Dezessete anos após a implantação do primeiro celular no Brasil e uma década após a implantação do celular digital de segunda geração, mais de 2 mil municípios ainda não contam com qualquer tipo de serviço móvel. As freqüências ali se encontram disponíveis para implantação imediata da 2G, mas os avanços da respectiva cobertura são lentos, dada a falta de interesse comercial na exploração do respectivo serviço.   

Através da Consulta Pública (CP802), a Anatel lançou a proposta da concessão de licenças 3G nas grandes cidades, condicionando-as ao provimento de cobertura 2G em todos os municípios com menos de 30 mil habitantes, no período de dois anos, assim como ao provimento de cobertura 3G em 60% desses mesmos municípios, num período de até cinco anos. Em síntese, a idéia lançada é a de que o novo negócio da 3G seja tão vantajoso para as operadoras a ponto de estas poderem bancar a universalização da cobertura da 2G e, em grande parte, da 3G, num curtíssimo espaço de tempo.   

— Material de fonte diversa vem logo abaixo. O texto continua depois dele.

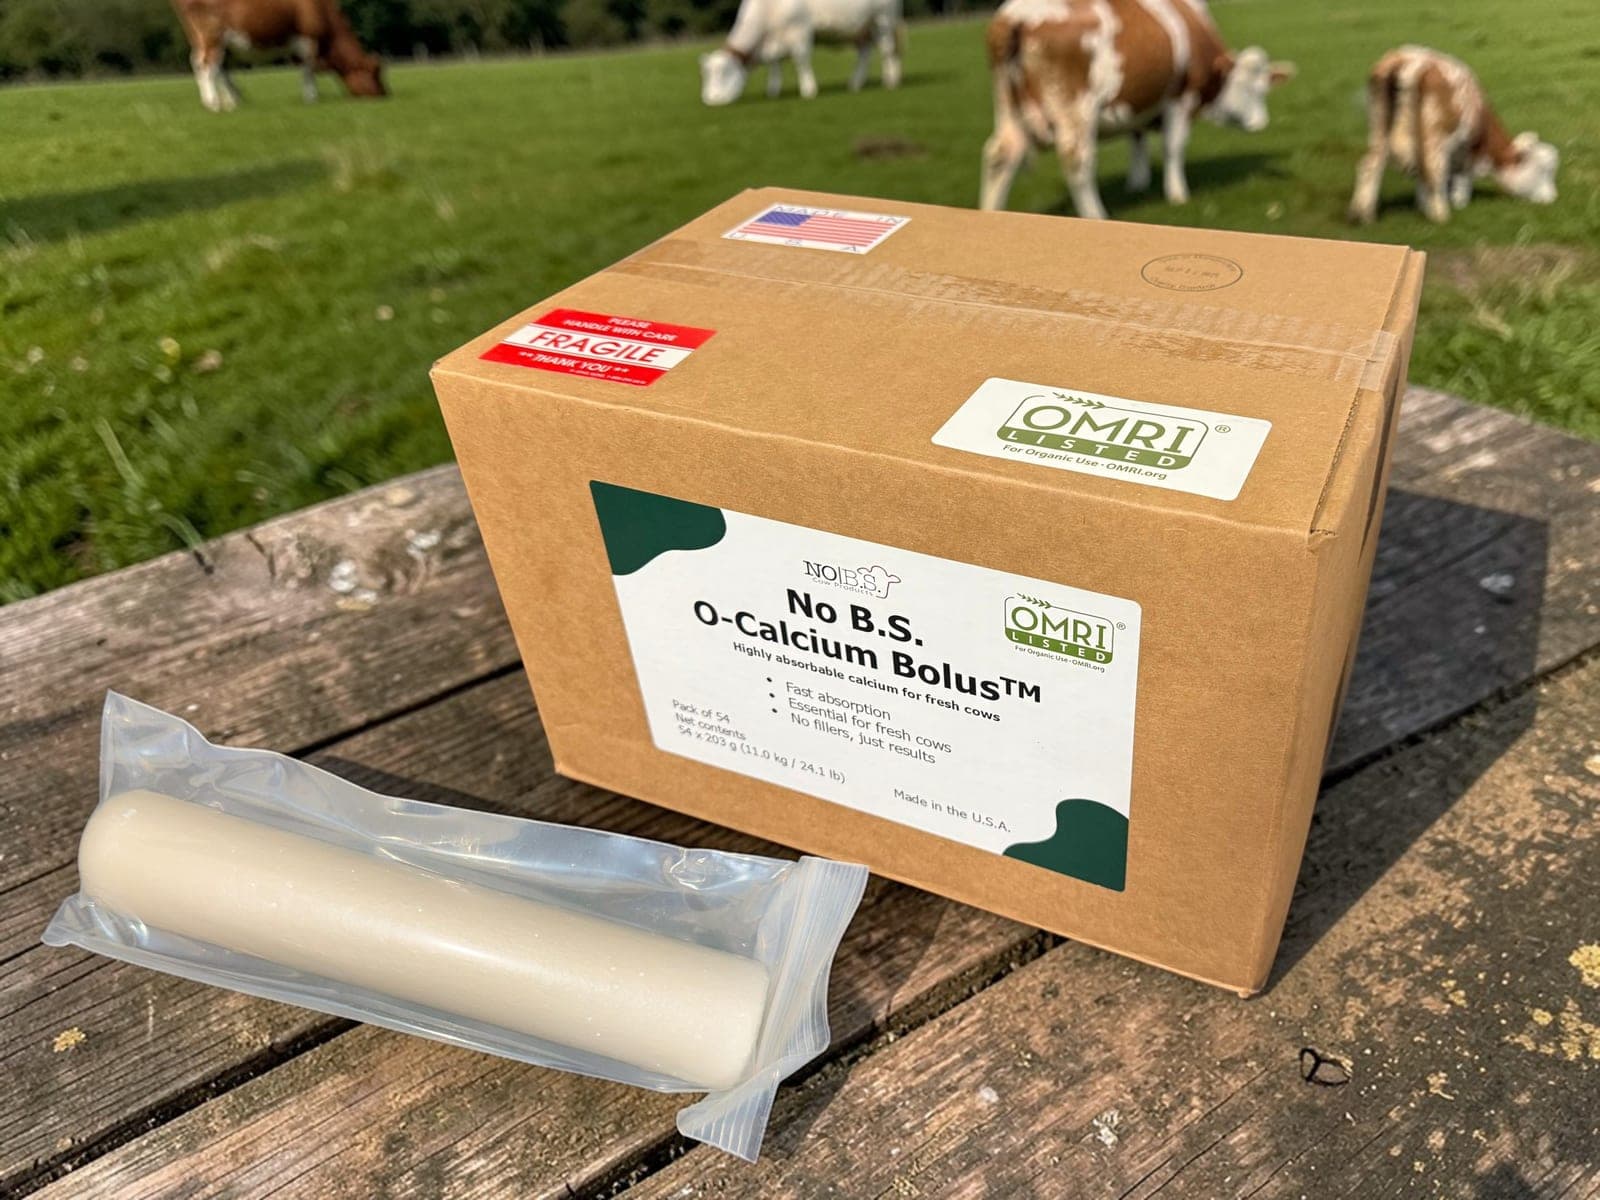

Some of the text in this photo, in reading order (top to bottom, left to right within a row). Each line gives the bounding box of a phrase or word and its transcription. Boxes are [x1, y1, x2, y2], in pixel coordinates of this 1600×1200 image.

[775, 206, 849, 219] MADE
[563, 320, 679, 341] HANDLE WITH CARE
[609, 317, 652, 329] PLEASE
[528, 331, 667, 362] FRAGILE
[531, 354, 613, 373] THANK YOU
[1022, 405, 1194, 453] OMRI
[1002, 444, 1168, 480] For Organic Use OMRI.org
[1007, 430, 1176, 467] LISTED
[693, 600, 879, 669] O-Calcium
[786, 588, 924, 646] No B.S.
[1011, 606, 1107, 649] OMRI
[1012, 632, 1106, 661] LISTED
[1014, 645, 1026, 653] For
[1027, 647, 1054, 660] Organic
[1055, 655, 1069, 663] Use
[733, 641, 1001, 722] Highly absorbable calcium for fresh cows
[672, 699, 698, 715] Pack
[701, 708, 713, 720] of
[786, 681, 892, 720] Fast absorption
[675, 713, 747, 741] Net contents
[788, 697, 952, 753] Essential for fresh cows
[791, 713, 937, 764] No fillers, just results
[706, 733, 727, 747] 203
[729, 742, 738, 752] g
[740, 742, 771, 760] (11.0
[773, 752, 789, 767] kg
[799, 760, 826, 776] 24.1
[829, 769, 846, 784] lb)
[893, 788, 1011, 833] Made in the U.S.A.

Em sintonia com o elevado número de contribuições à CP802, parece-nos válido indagar se a licença 3G constitui uma real contrapartida à realização da universalização das coberturas 2G e 3G, lembrando que, em muitos desses municípios, nem a primeira geração do celular ali chegou, tantos anos após o lançamento do serviço móvel no Brasil.   

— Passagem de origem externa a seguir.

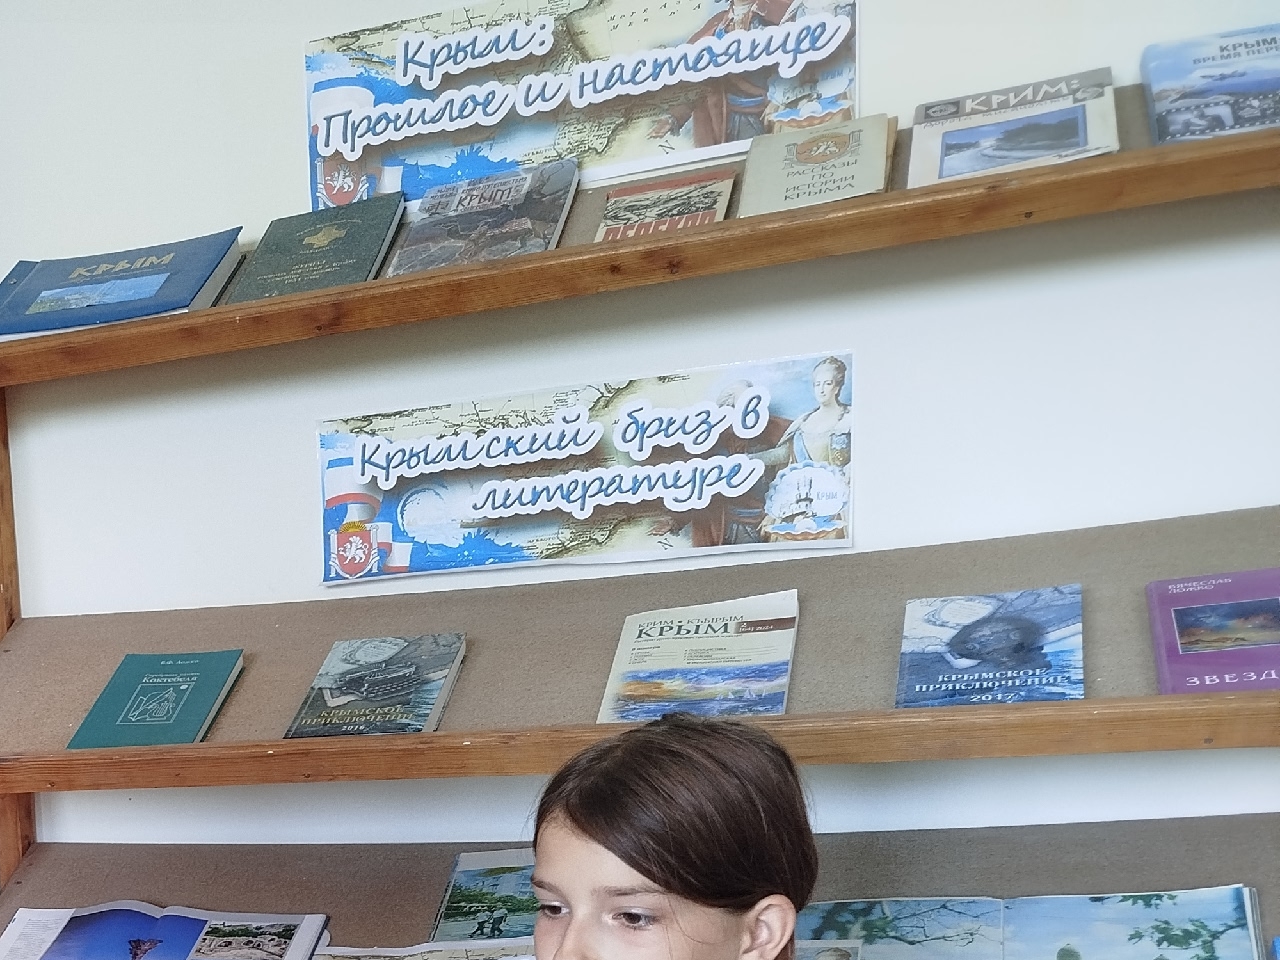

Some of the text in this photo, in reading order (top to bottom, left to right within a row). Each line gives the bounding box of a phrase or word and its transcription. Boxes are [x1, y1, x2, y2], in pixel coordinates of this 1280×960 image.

[401, 22, 549, 81] Крым:
[322, 21, 841, 151] Прошлое и настоящее
[786, 159, 858, 178] РАССКАЗЫ
[811, 171, 834, 180] ПО
[783, 184, 855, 201] КРЫМА
[785, 174, 855, 193] ИСТОРИИ
[68, 252, 175, 279] КРЫМ
[359, 416, 596, 480] Крымский
[620, 406, 722, 453] бриз
[472, 459, 756, 511] литературе
[635, 622, 731, 640] КРЫМ
[915, 675, 1070, 692] ПРИКЛЮЧЕНИЕ
[938, 668, 1048, 682] КРЫМСКОЕ
[1186, 669, 1280, 686] ЗВЕЗД
[970, 692, 1018, 702] 2017
[320, 705, 405, 717] КРЫМСКОЕ

Absteremo-nos aqui de fazer conjecturas pormenorizadas sobre custos, mesmo porque se trata de um tema afeto às operadoras. Também não nos ateremos aos aspectos jurídicos envolvidos. Preferimos avaliar o tema à luz do mercado mundial já estabelecido, geralmente um juiz razoavelmente imparcial, pairando acima de teorias e opiniões.   

Visão mundial    

Aproximando-se de 3 bilhões de usuários ao redor do mundo, a 2G inequivocamente representa um dos maiores mercados de massa do planeta. Contando com economias de escala imbatíveis, ela continua avançando para as camadas sociais cada vez mais baixas da população mundial. Nos países desenvolvidos, no entanto, a 2G começa a ser substituída pela 3G, de forma cada vez mais rápida e intensa.   

Temos, portanto, dois grandes movimentos no mercado móvel mundial e não apenas um: 2G em direção à baixa renda e 3G em direção à alta renda. Ilusão acreditar que estaremos atendendo os próximos dois bilhões de usuários da base da pirâmide social mundial, com renda entre US$1,- e  US$4,- diários, unicamente através da tecnologia 3G, cujos custos de produtos e de prestação de serviços se encontram num patamar mais elevado que o da 2G. Desconhecemos, aliás, casos mundiais significativos de implantação da 3G com objetivo de atender populações de baixa renda, ao menos em bases economicamente sustentáveis.    

Quanto ao Brasil, a prática indica que o país se encontra aderente a esse panorama internacional. Ao tempo em que se verifica grande unanimidade dentro da sociedade quanto à necessidade de promover a cobertura 2G para todos os brasileiros, os grandes atores do mercado sinalizam que o tiro de largada para a implantação da 3G nos grandes centros urbanos já foi dado. A pressão pela implantação do UMTS em 850MHz, por exemplo, é um sinal evidente dessa situação.   

Nessas condições podemos afirmar, ao menos dentro da ótica mundial, que tanto a implantação da 3G nos grandes centros urbanos quanto a universalização da 2G nos pequenos municípios se alinham com os movimentos globalmente observados. A universalização da cobertura da 3G nestes mesmos municípios, no entanto, indica ser uma política exclusivamente local, fora da rota dos grandes movimentos internacionais.     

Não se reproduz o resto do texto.